Diane Lynn Dixon (born September 23, 1964) is an American athlete who competed mainly in the 400 metres. She was born in Brooklyn, New York. She has an Olympic gold medal for running with the American 4 × 400 meters relay team at the 1984 Olympics, running in the preliminary rounds.

She competed for the United States in the 1988 Summer Olympics held in Seoul, South Korea in the 4 × 400 metres where she won the silver medal with her teammates Denean Howard, Valerie Brisco-Hooks and Florence Griffith Joyner. Second place in that race is still the second fastest time ever run in that event behind the winning Soviet team and the current American record. She set her personal record of 49.84 while finishing third in an open semi-final in Seoul. Four years earlier she ran in the qualifying heat for the same relay that eventually took gold.

Dixon was also a part of two medal-winning teams in the 4 × 400 relay at the IAAF World Championships, taking a bronze in 1987 in Rome and a silver in 1991 in Tokyo.

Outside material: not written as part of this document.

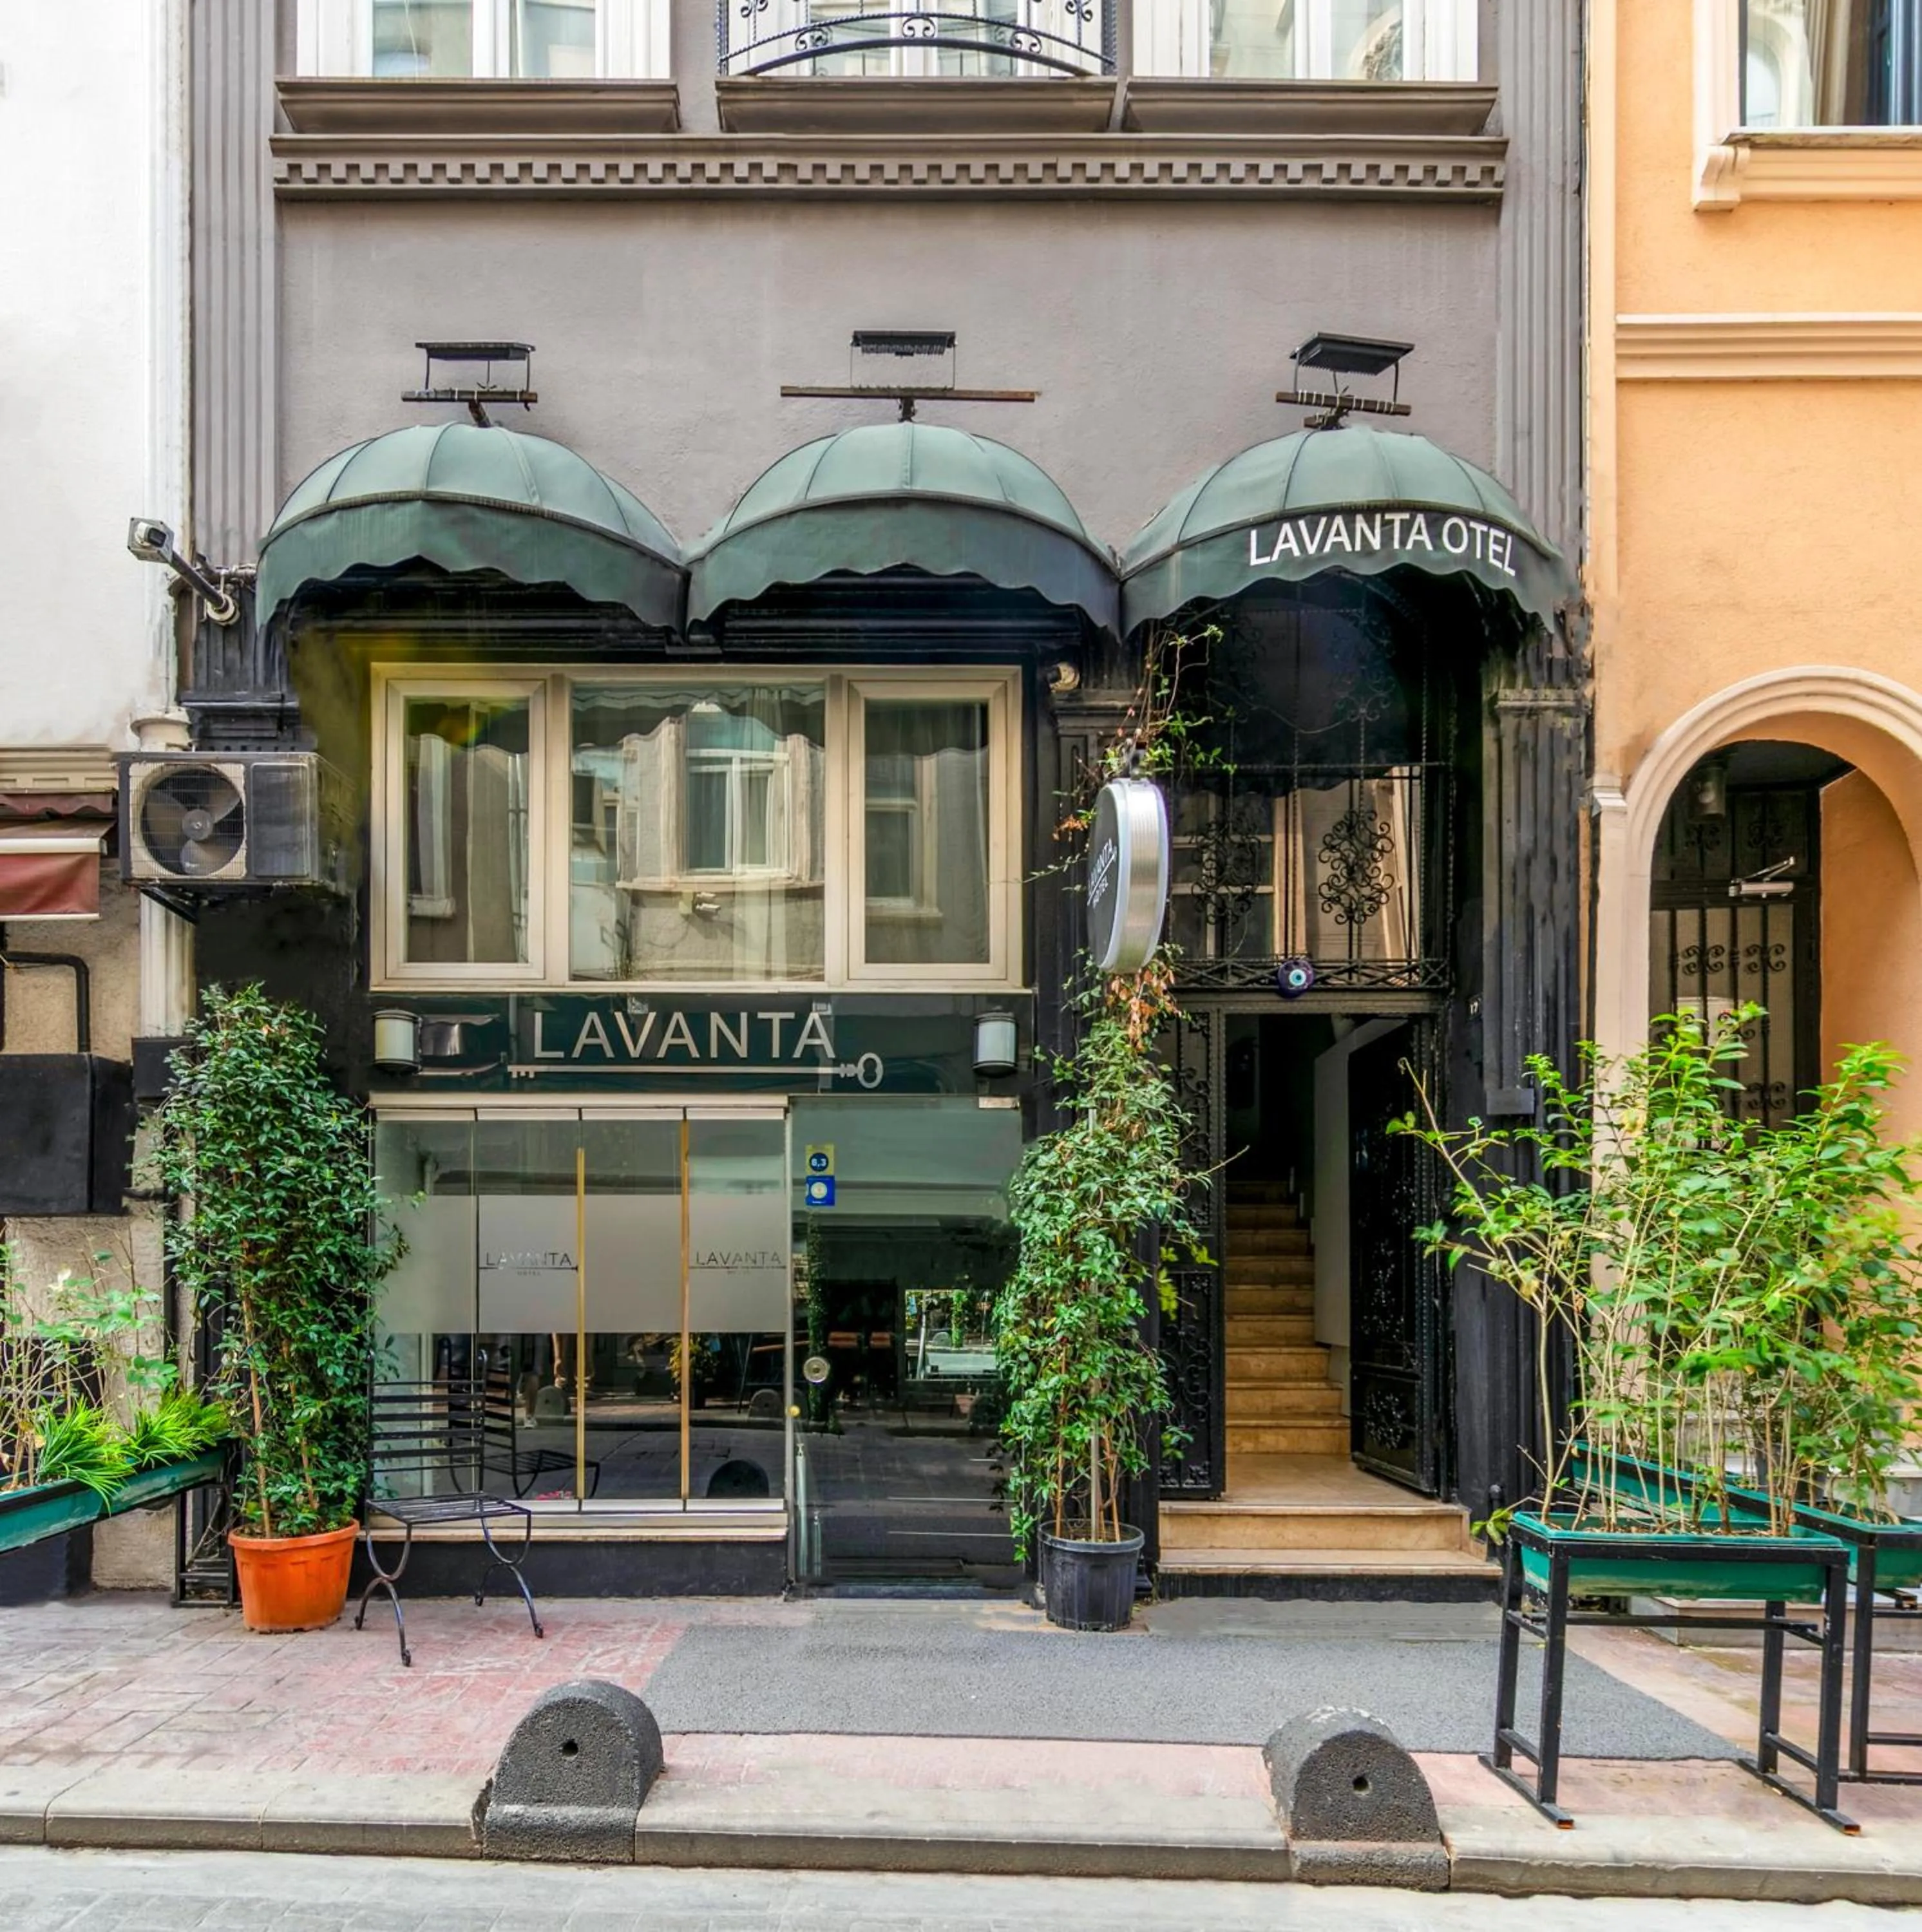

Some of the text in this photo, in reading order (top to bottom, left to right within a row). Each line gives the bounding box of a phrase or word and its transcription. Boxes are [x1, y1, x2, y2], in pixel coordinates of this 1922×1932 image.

[1250, 513, 1516, 576] LAVANTA OTEL
[533, 1012, 836, 1059] LAVANTA
[696, 1251, 782, 1265] LAVANTA

Dixon was known for her aggressive frontrunning style indoors, where she could take the lead at the break (after the first 50 meters) and hold off her competitors who would then be forced to try to run around her. In 1981 she won her first of her USA Indoor Track and Field Championships at the (then) Imperial distance of 440 yards. In 1983 she won again and began an unprecedented streak of ten consecutive wins in the 440 or 400 metres.
 In 1985, Dixon won the 400 metres at the IAAF World Indoor Championships. She repeated the feat again in 1991, setting the American Record at 50.64 seconds in the event. That record stood until March 13, 2010, when it was broken by Francena McCorory from Hampton University at the NCAA Championships.

Diane Dixon attended the Brooklyn Technical High School and graduated in 1982.

Diane Dixon owns the distinction of being the first Ohio State Buckeyes track and field women's student-athlete to capture an individual national track championship in the 400 meters at the 1983 indoor championships.

After retiring, Diane worked to help other athletes with career guidance by founding Retired Elite Athletes Need Career Opportunities.